2. SECONDARY_REFACTOR_BAND is a magic constant
crates/cli/src/health_types/finding.rs:48:
const SECONDARY_REFACTOR_BAND: u16 = 5;
Used at finding.rs:267-273 to trigger a secondary refactor-function action on CRAP-only findings whose cyclomatic is within 5 points of the max threshold AND whose cognitive complexity is at least half the cognitive threshold. The rationale (suppress false positives on flat type-tag dispatchers per .claude/rules/cli-crate.md) lives only in CLAUDE.md, not next to the constant.
Three issues:
- No unit test asserts the band heuristic's behavior on a fixture.
- Not user-configurable, so teams with stricter standards ("extract if within 3 of threshold") cannot adjust.
- Lives in
health_types rather than config/health.rs alongside other thresholds.
3. Coverage tier is invisible in the human-output sections users actually read
crates/cli/src/report/human/health.rs:1102 already emits a tier-aware hint:
CRAP estimated from export references (85% direct, 40% indirect, 0% untested). Use --coverage for exact scores.

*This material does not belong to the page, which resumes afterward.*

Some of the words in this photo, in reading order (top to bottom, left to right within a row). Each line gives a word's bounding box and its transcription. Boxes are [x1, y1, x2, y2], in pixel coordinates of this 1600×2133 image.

But this string is only rendered in the --file-scores section. The two sections that surface CRAP values most prominently when running bare fallow (the default combined pipeline) carry zero tier context:
- The orientation header at
crates/cli/src/report/human/health.rs:635 lists LOC, cyclomatic, MI, churn, unused deps but never says "no coverage data; CRAP scores are estimated."
- The
● High complexity functions section header at crates/cli/src/report/human/health.rs:843 and its per-finding CRAP value rendering at line 917 ({crap:>5.1} CRAP) prints values like 650.0 CRAP with no indication of whether the score came from real Istanbul coverage or the estimated model.
The on-disk artifact already knows: coverage_source is on every finding (scoring.rs:443 sets it via CoverageTier::from_pct(estimated_coverage)), and the report-level summary.coverage_model records the source. The signal is there; the human renderer just does not surface it where users are looking.
Fix surface options:
- (a) one-line hint above
● High complexity functions when coverage_model == Estimated: "CRAP scores estimated from export references. Pass --coverage <path> for exact scores."

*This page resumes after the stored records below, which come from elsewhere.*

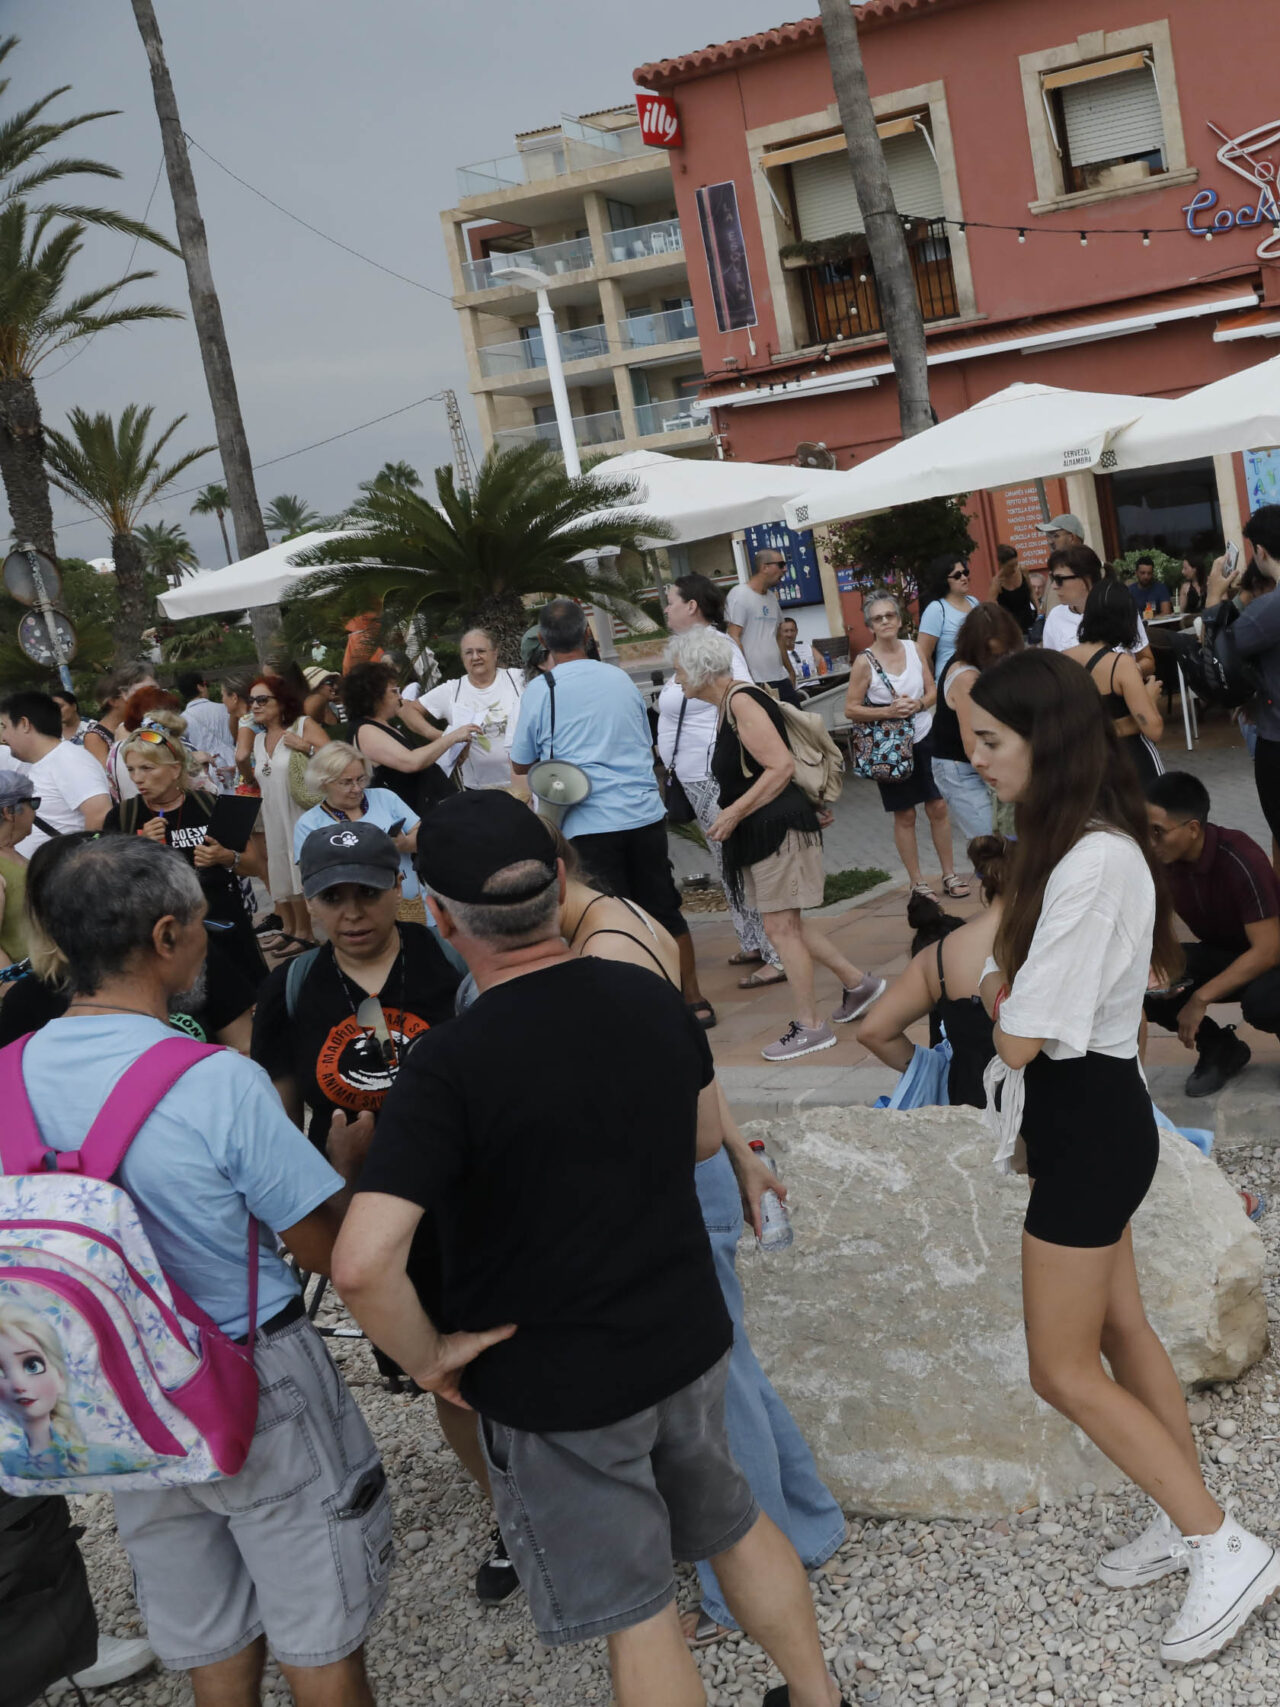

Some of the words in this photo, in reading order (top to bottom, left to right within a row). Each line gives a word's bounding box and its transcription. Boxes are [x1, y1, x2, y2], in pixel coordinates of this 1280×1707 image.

[643, 102, 677, 142] illy
[1063, 448, 1090, 459] CERVEZAS
[172, 836, 205, 848] CULTU
[322, 1072, 356, 1104] ANIMAL
[362, 1095, 385, 1108] SAV

- (b) per-finding suffix on the CRAP line:
650.0 CRAP (estimated) / 12.0 CRAP (Istanbul) / 47.0 CRAP (Istanbul partial)
- (c) extend the orientation header
■ Metrics: line at health.rs:635 with a coverage: estimated / coverage: Istanbul (854/1043 matched) segment when complexity is in the pipeline.
(a) is cheapest and high-signal; (b) is most informative per-finding; (c) is the most discoverable but also the most space-constrained.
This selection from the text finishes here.